Regarding the timing, the RFI refers to the amnesty period for possession of prohibited weapons (already extended once) and its expiration on October 30, 2023. However, the RFI is “neither a call for neither a request for proposals (RFP)… The RFI should not be considered a commitment to issue a subsequent solicitation or award a contract or contracts for the work described herein. Assuming the Trudeau government commits to exploring this implementation option in the private sector, the RFI describes the next steps that are expected to take place before the October deadline as an “initial commitment from the private sector.” industry through this RFI”, then a “2nd RFI”, an “invitation to qualify (ITQ), “a draft request for proposals to qualified suppliers”, the request for proposals and finally, “the award of the or contracts”. Appendix B indicates that a “mail, email and advertising campaign” is contemplated as part of the public notice process, prior to the commencement of the forfeiture period. Using only the PBO’s upper range of 518,000 guns and the maximum RFI processing rate of 1,500 guns/day, the supplier will need at least 345 days to work on the “goods flow”, excluding weekends, holidays, travel or other “downtime”. .”

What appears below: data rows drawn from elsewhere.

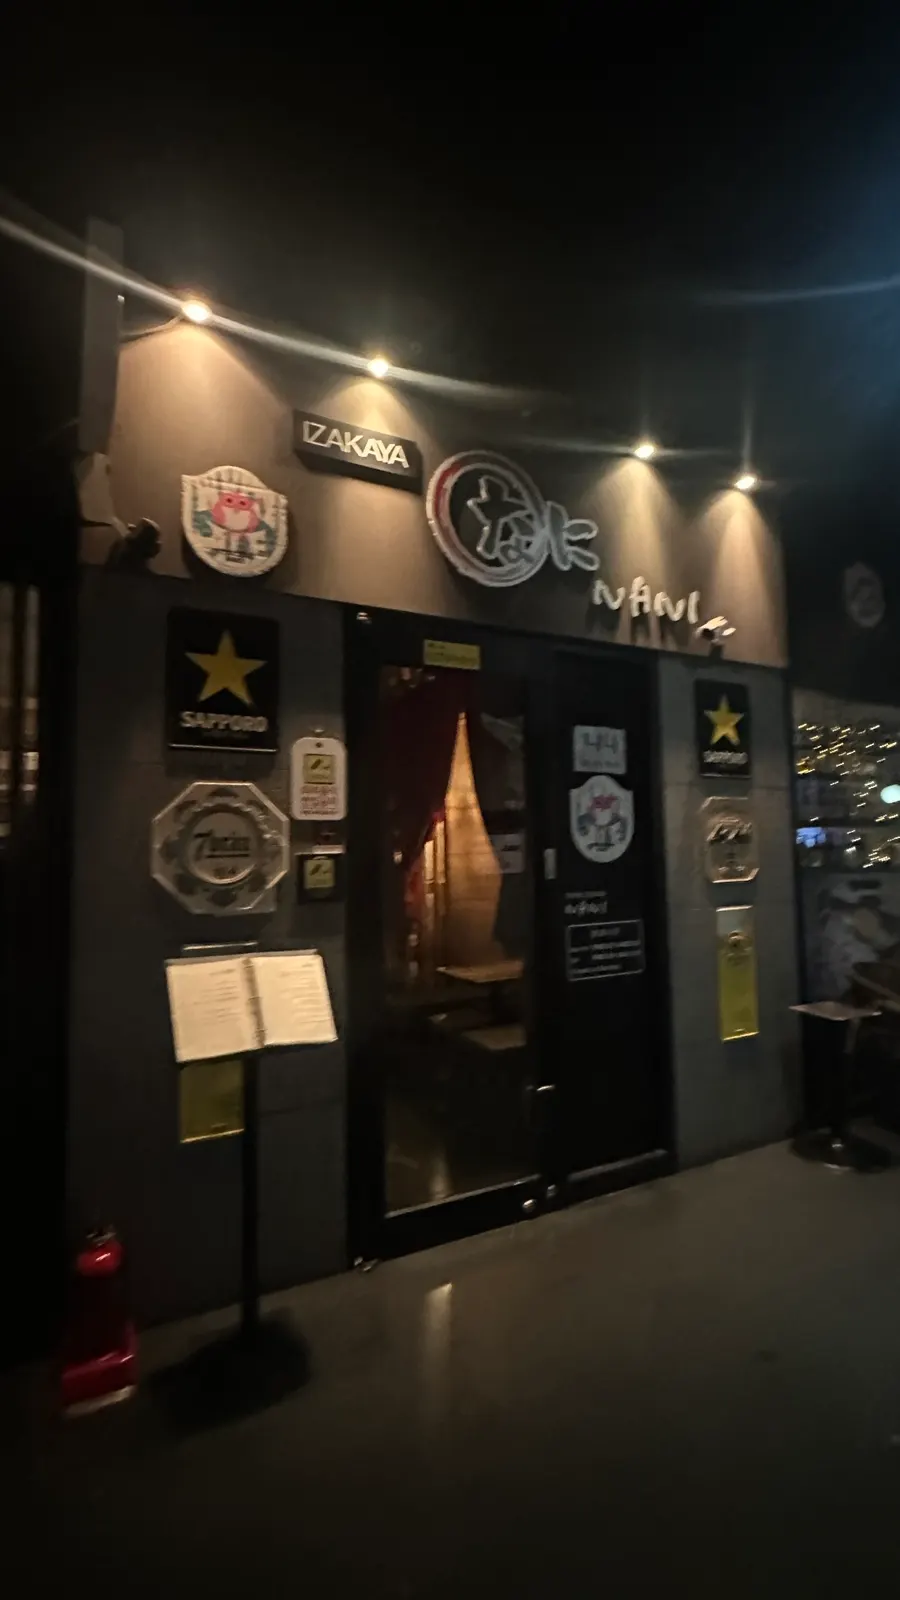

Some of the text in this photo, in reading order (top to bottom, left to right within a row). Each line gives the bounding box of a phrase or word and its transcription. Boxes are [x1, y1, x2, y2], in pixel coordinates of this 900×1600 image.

[302, 420, 409, 468] IZAKAYA
[592, 576, 700, 624] NANI
[179, 710, 269, 732] SAPPORO
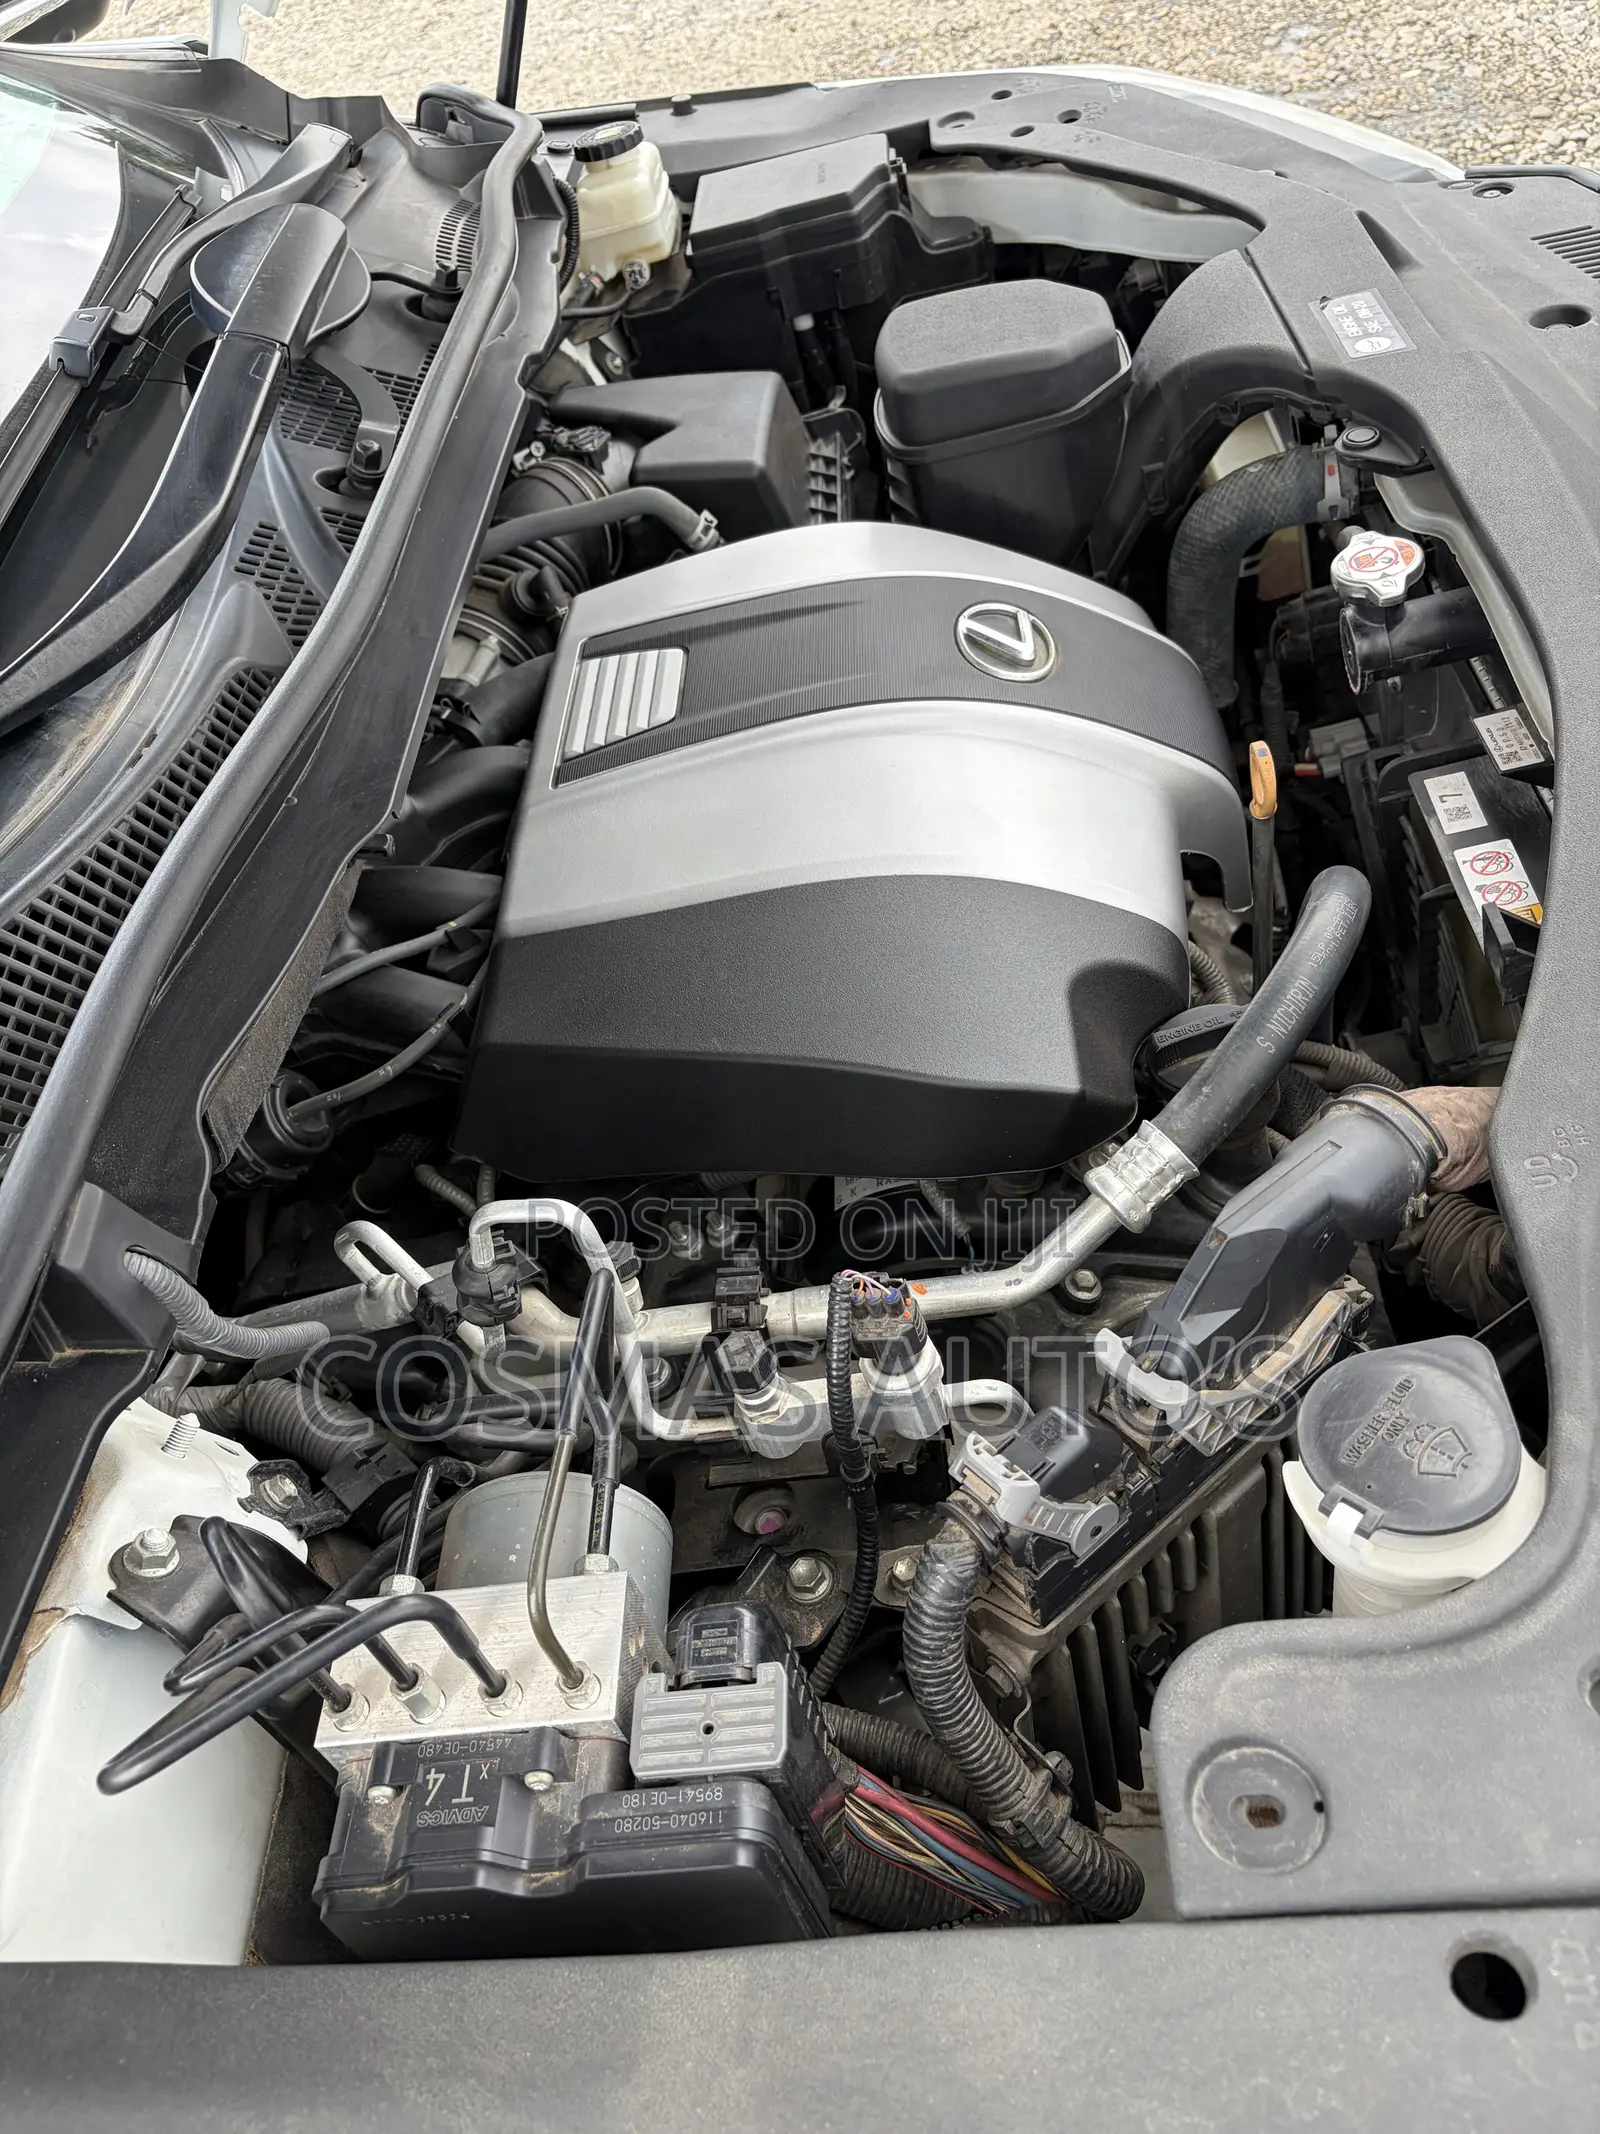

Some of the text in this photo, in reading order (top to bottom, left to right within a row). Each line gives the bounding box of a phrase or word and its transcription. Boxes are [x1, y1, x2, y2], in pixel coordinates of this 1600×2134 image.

[1156, 1016, 1224, 1044] ENGINE OIL
[1342, 1377, 1415, 1467] WASHER FLUID
[1381, 1411, 1410, 1445] ONLY
[417, 1738, 512, 1758] 44540-0E480
[622, 1787, 723, 1808] 89541-0E180
[417, 1806, 490, 1827] ADVICS
[614, 1810, 723, 1833] 116040-50280

Gun owners (“customers”) will not be eligible to receive a penny of the promised fair compensation until their gun has been seized, rendered unusable, “verifiers confirm eligibility of firearm” and approval has been given to make payment, as set out in Appendix B. In the event of a dispute, an “expert panel may review verification failures and special cases as required” . Even then, the RFI makes no mention of the contractor administering the compensation scheme, meaning a separate government process for handling payments, including claims for failed, misdirected, or inadequate compensation. In any case, no compensation is offered for the deprivation of the use of prohibited firearms, the use of which has been prohibited since May 2020. Owners, too, will bear the risk of loss when the wrong weapon firearm is listed or taken, the “verifiers” fail to find the qualifying firearm, or compensation approval is not given – the permanent deactivation provided at the “first point of contact” leaves the owner with a useless and worthless old firearm.
So far, few of the proposed schemes seem functional, even on paper.
The bigger problem is why Trudeau and his government (if not vehemently just on the “assault weapon” law) seek to remove themselves as much as possible from its implementation by offloading the work to the private sector. A cynical guess is that Trudeau, who offers a famous “sunny paths”mantra to govern, is keen to put as much light as possible between him and the defining toxic moment of his gun ban and mandatory confiscation program, the shameful point where thousands of farmers, hunters, sports shooters, veterans and other responsible Canadians are forced to surrender their property for immediate destruction.